Why the Phrase “Access to Health Care” Should Always Pin Your Bullsh*t Detector (and You’re Not Alone)

Why the Phrase “Access to Health Care” Should Always Pin Your Bullsh*t Detector (and You’re Not Alone) 1

Readers, you know that word “access” pins my bullsh*t detector when used in the phrase “access to health care,” and many of you have picked up that same hypersensivity from me. Well, “access to health care” — the phrase, not the reality — is still ubiquitous, as I will first show. Next, I’ll give a quick look at what professionals mean when they say “access” (and raise a paradox, as well). Then I’ll look at an important new study from Health Affairs that raises the bare possibility that access to care means barriers to care and therefore, for many, no care. Finally, I (or rather Yves) will suggest that these barriers are not merely bureaucratic, or even financial, but part of the built environment itself. I will also do a little wandering through the sources in the notes, which you should not skip. But first, for the record, let me incriminate the guilty, something at which The Twitter is genuinely great:

Here is Democrat House Speaker Nancy Pelosi:

You will notice that in Pelosi’s tweet, and in every tweet below, the words “access to” can be deleted from “access to health care” without loss of meaning (at least to a dull normal. People don’t want access to health care; they want health care!). So what is “access” doing? Hold that thought.

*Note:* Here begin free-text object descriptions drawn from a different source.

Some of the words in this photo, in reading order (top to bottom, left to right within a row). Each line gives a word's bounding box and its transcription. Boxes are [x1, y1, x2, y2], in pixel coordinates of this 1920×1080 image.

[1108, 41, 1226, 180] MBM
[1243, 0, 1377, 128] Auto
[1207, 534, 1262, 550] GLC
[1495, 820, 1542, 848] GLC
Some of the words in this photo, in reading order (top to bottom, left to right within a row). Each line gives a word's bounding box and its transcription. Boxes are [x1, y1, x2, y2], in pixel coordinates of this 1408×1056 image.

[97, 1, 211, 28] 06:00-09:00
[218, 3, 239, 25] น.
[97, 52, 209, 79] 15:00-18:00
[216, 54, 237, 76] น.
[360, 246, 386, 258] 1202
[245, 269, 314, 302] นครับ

Of course, Democrat Party leader Obama:

Vice-Presidential candidate Kamala Harris:

Presidential candidate Joe Biden:

(In an enormous act of chutzpah, Democrats bait-and-switched the public option, itself a bait-and-switch!) And from the other side of the aisle, Kellyanne Conway:

Note that Conway is the only one to indicate that there might be a class angle (“lives comfortably”) to any of this.

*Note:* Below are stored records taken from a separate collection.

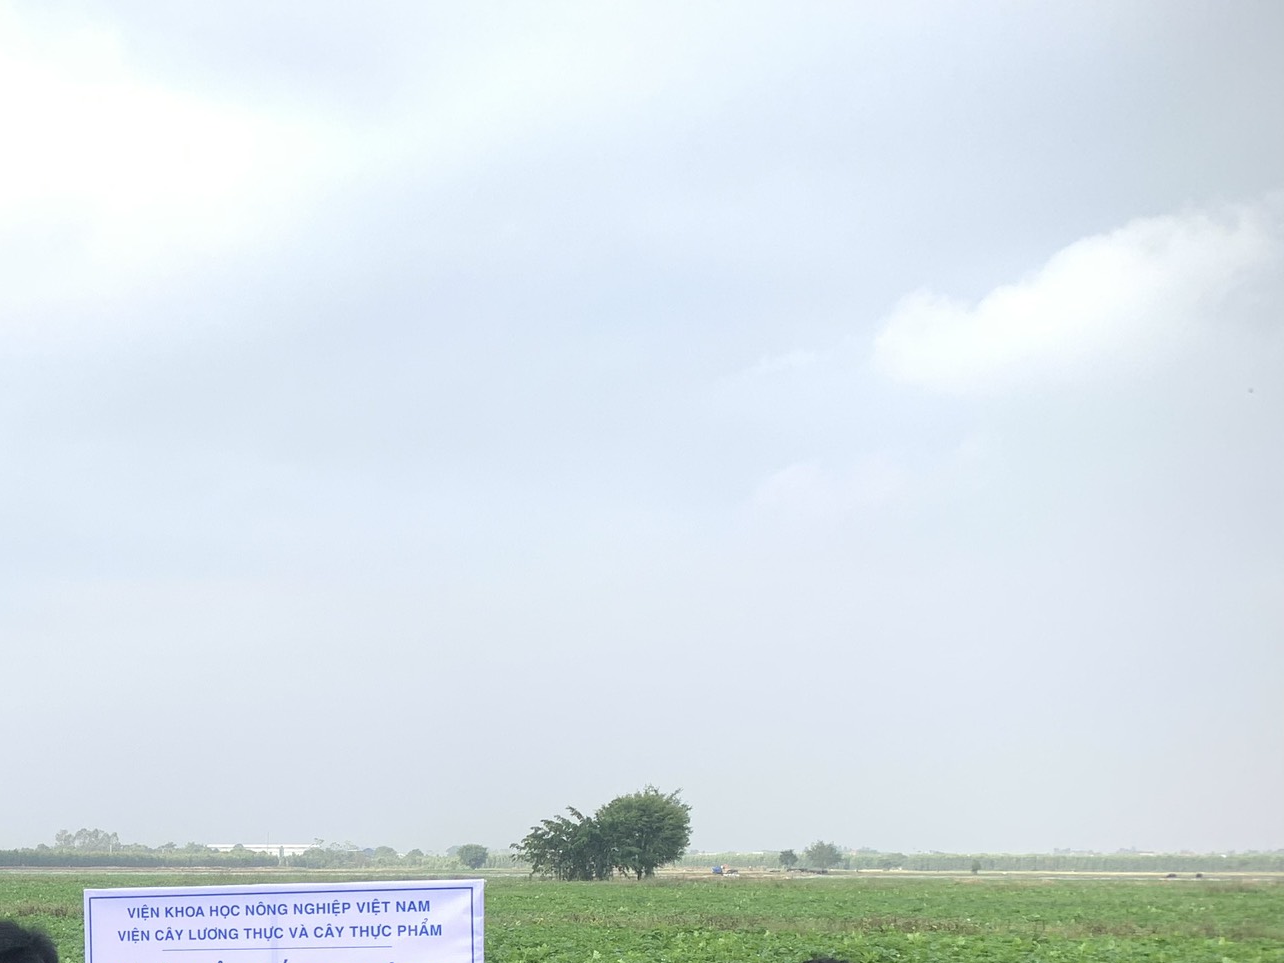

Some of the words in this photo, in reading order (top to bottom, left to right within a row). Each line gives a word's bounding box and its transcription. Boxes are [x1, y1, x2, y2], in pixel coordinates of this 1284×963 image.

[126, 904, 160, 920] VIỆN
[164, 906, 205, 918] KHOA
[209, 905, 241, 919] HỌC
[245, 901, 288, 916] NÔNG
[293, 900, 351, 916] NGHIỆP
[356, 898, 391, 915] VIỆT
[395, 900, 431, 912] NAM
[117, 927, 150, 944] VIỆN
[154, 927, 184, 941] CÂY
[188, 927, 239, 940] LƯƠNG
[242, 926, 284, 941] THỰC
[288, 924, 309, 938] VÀ
[313, 923, 345, 938] CÂY
[348, 924, 392, 939] THỰC
[397, 918, 442, 936] PHẨM

So what do health care professionals mean when they say “access to health care”? It’s complicated. It would take an intellectual historian with a grant to track down the history of “access to health care,” but here are a few hints derived from search. From “What does ‘access to health care’ mean?“, Journal of Health Services Research & Policy, 2002 (!):

Access is a complex concept and at least four aspects require evaluation. If services are available and there is an adequate supply of services, then the opportunity to obtain health care exists, and a population may ‘have access’ to services. The extent to which a population ‘gains access’ also depends on financial, organisational and social or cultural barriers that limit the utilisation of services. Thus access measured in terms of utilisation is dependent on the affordability, physical accessibility and acceptability of services and not merely adequacy of supply. Services available must be relevant and effective if the population is to ‘gain access to satisfactory health outcomes’. The availability of services, and barriers to access, have to be considered in the context of the differing perspectives, health needs and material and cultural settings of diverse groups in society. Equity of access may be measured in terms of the availability, utilisation or outcomes of services.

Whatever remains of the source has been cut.